What the exercise asks —
If a record below holds a picture, leave the picture out and copy the rest exactly.

[Collected data]

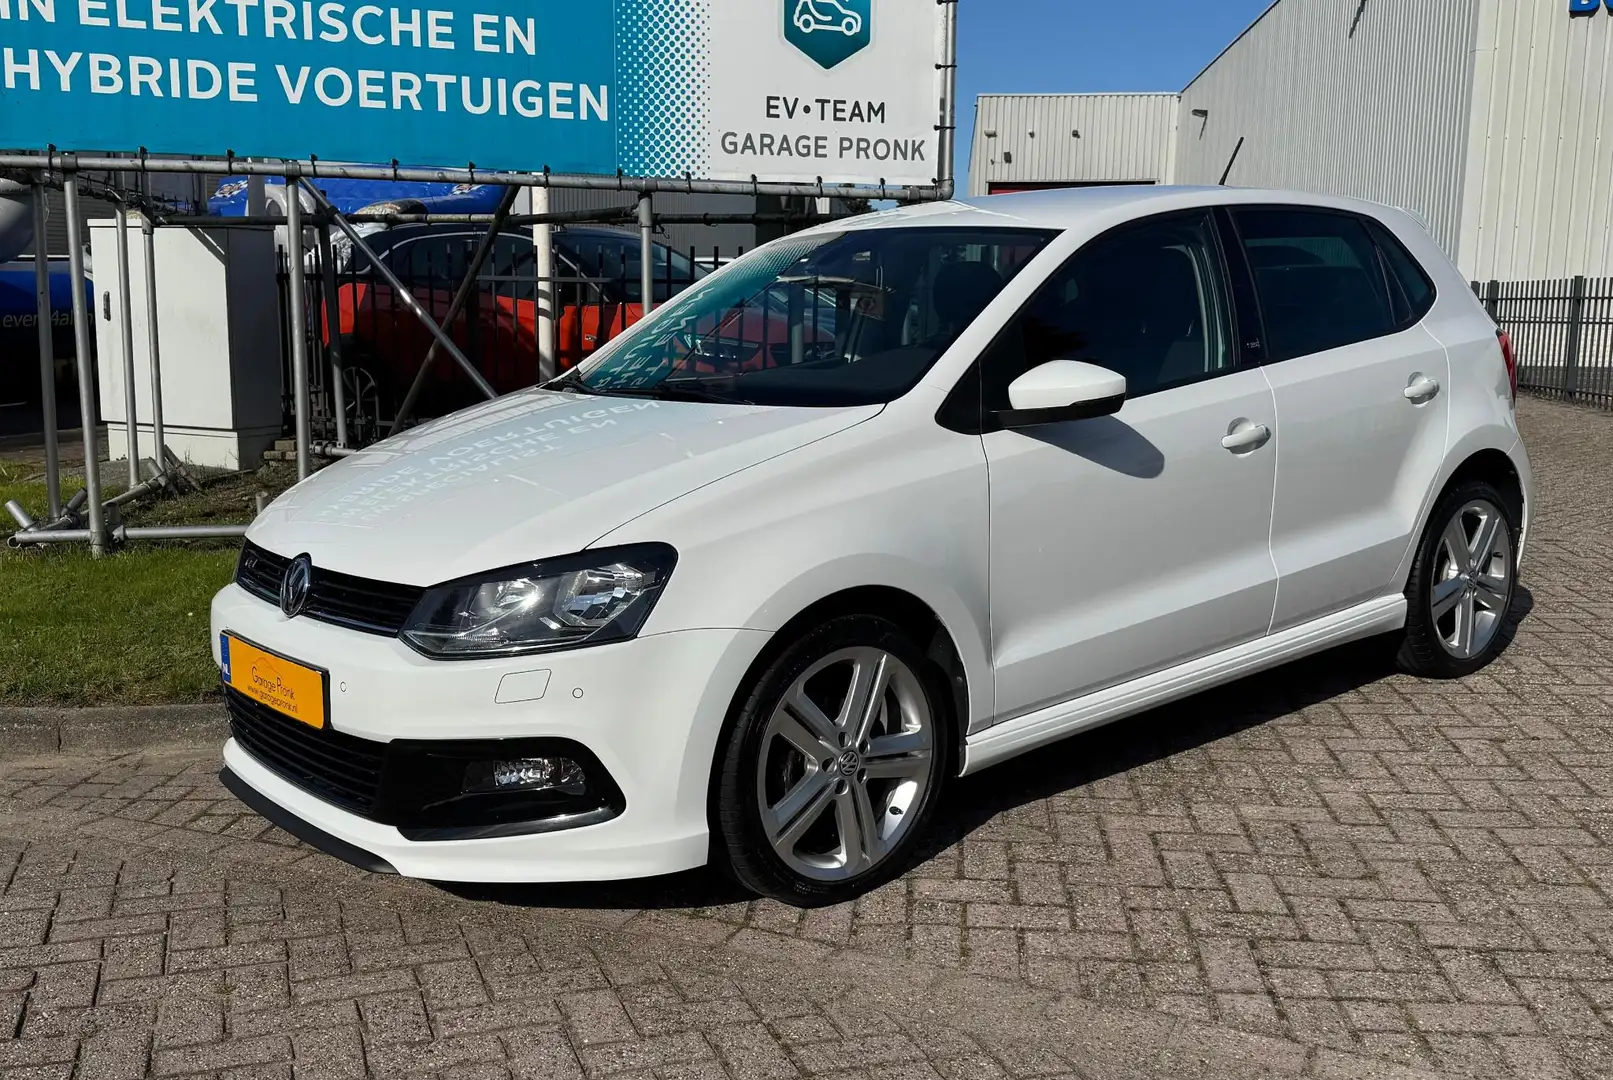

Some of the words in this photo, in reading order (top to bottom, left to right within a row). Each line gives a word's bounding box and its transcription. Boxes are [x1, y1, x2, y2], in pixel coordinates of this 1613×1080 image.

[78, 0, 455, 50] ELEKTRISCHE
[473, 13, 536, 55] EN
[3, 47, 258, 102] HYBRIDE
[275, 64, 609, 121] VOERTUIGEN
[720, 131, 828, 159] GARAGE
[838, 136, 926, 162] PRONK
[251, 666, 276, 694] Garage
[276, 676, 296, 701] Pronk
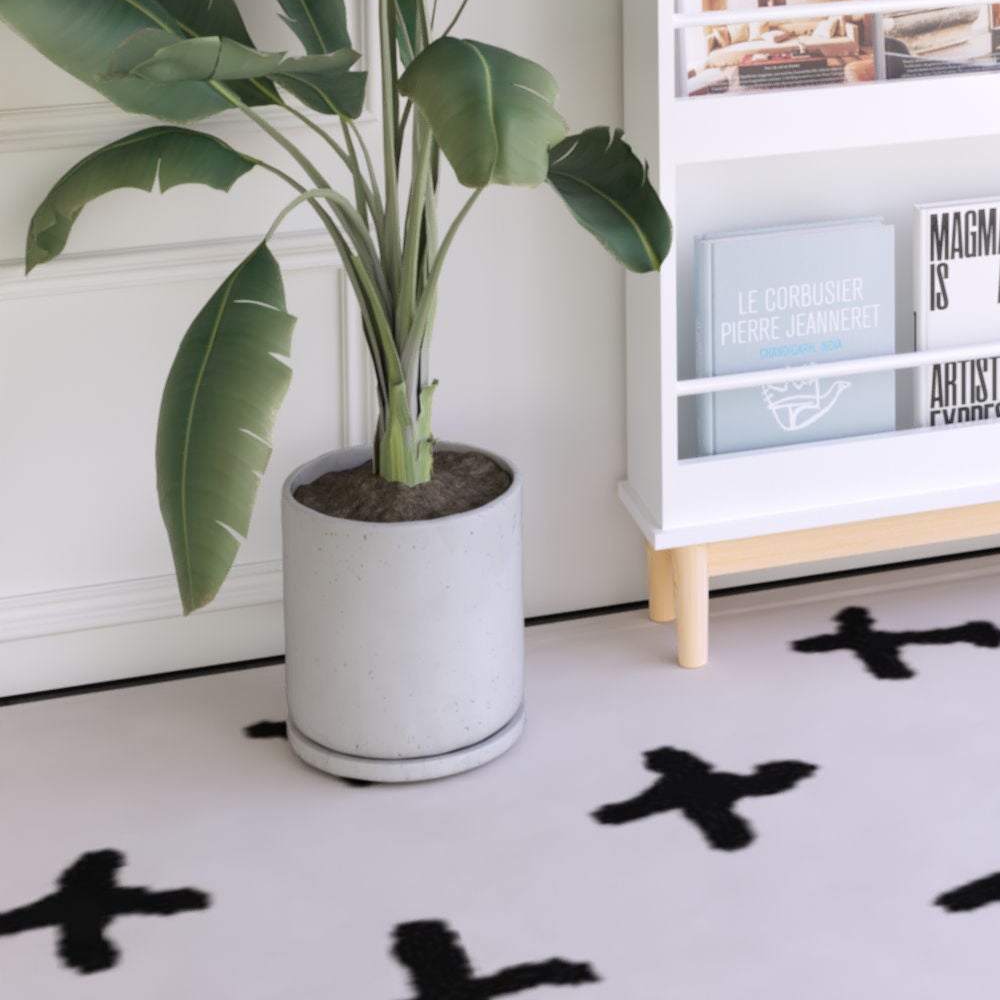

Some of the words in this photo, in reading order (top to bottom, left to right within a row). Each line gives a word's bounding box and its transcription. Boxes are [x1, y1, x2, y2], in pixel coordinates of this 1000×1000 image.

Result for this exercise —
Some of the words in this photo, in reading order (top to bottom, left to right within a row). Each line gives a word's bounding box and its transcription. Boxes are [x1, y1, x2, y2], in pixel coordinates of this 1613×1080 image.

[78, 0, 455, 50] ELEKTRISCHE
[473, 13, 536, 55] EN
[3, 47, 258, 102] HYBRIDE
[275, 64, 609, 121] VOERTUIGEN
[720, 131, 828, 159] GARAGE
[838, 136, 926, 162] PRONK
[251, 666, 276, 694] Garage
[276, 676, 296, 701] Pronk

Some of the words in this photo, in reading order (top to bottom, left to right within a row). Each line gives a word's bounding box and its transcription. Boxes are [x1, y1, x2, y2], in pixel coordinates of this 1000×1000 image.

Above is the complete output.